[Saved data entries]

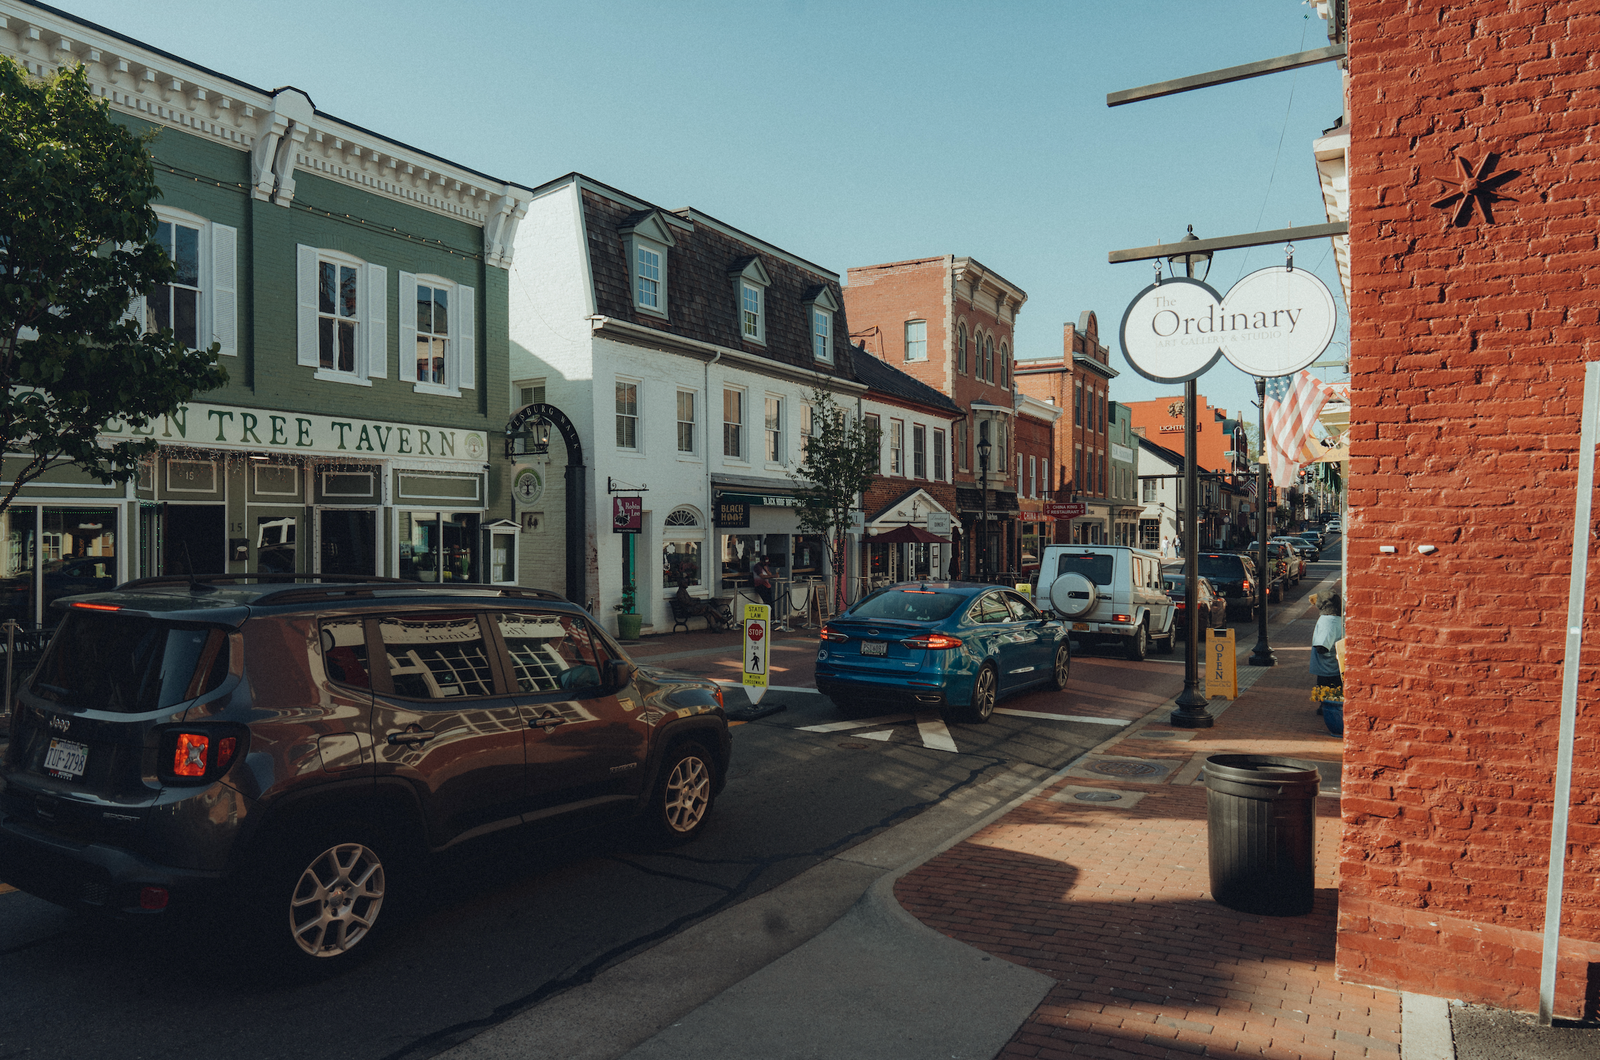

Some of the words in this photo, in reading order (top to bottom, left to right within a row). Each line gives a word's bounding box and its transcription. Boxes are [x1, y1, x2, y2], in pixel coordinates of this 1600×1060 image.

[1153, 296, 1177, 308] The
[1151, 304, 1303, 337] Ordinary
[1241, 330, 1282, 342] STUDIO
[208, 409, 313, 447] TREE
[331, 421, 456, 457] TAVERN
[559, 415, 580, 450] WALK
[185, 470, 195, 481] 15
[625, 501, 640, 510] Robin
[721, 504, 744, 513] BLACK
[631, 509, 640, 517] Lee
[721, 512, 744, 522] HOOF
[230, 522, 243, 532] 15
[748, 628, 763, 636] STOP
[1215, 643, 1225, 679] OPEN
[49, 715, 71, 733] Jeep

**Work task**
If an entry holds a picture, leave the picture out and repeat the rest exactly.

**Solution to this task**
Some of the words in this photo, in reading order (top to bottom, left to right within a row). Each line gives a word's bounding box and its transcription. Boxes are [x1, y1, x2, y2], in pixel coordinates of this 1600×1060 image.

[1153, 296, 1177, 308] The
[1151, 304, 1303, 337] Ordinary
[1241, 330, 1282, 342] STUDIO
[208, 409, 313, 447] TREE
[331, 421, 456, 457] TAVERN
[559, 415, 580, 450] WALK
[185, 470, 195, 481] 15
[625, 501, 640, 510] Robin
[721, 504, 744, 513] BLACK
[631, 509, 640, 517] Lee
[721, 512, 744, 522] HOOF
[230, 522, 243, 532] 15
[748, 628, 763, 636] STOP
[1215, 643, 1225, 679] OPEN
[49, 715, 71, 733] Jeep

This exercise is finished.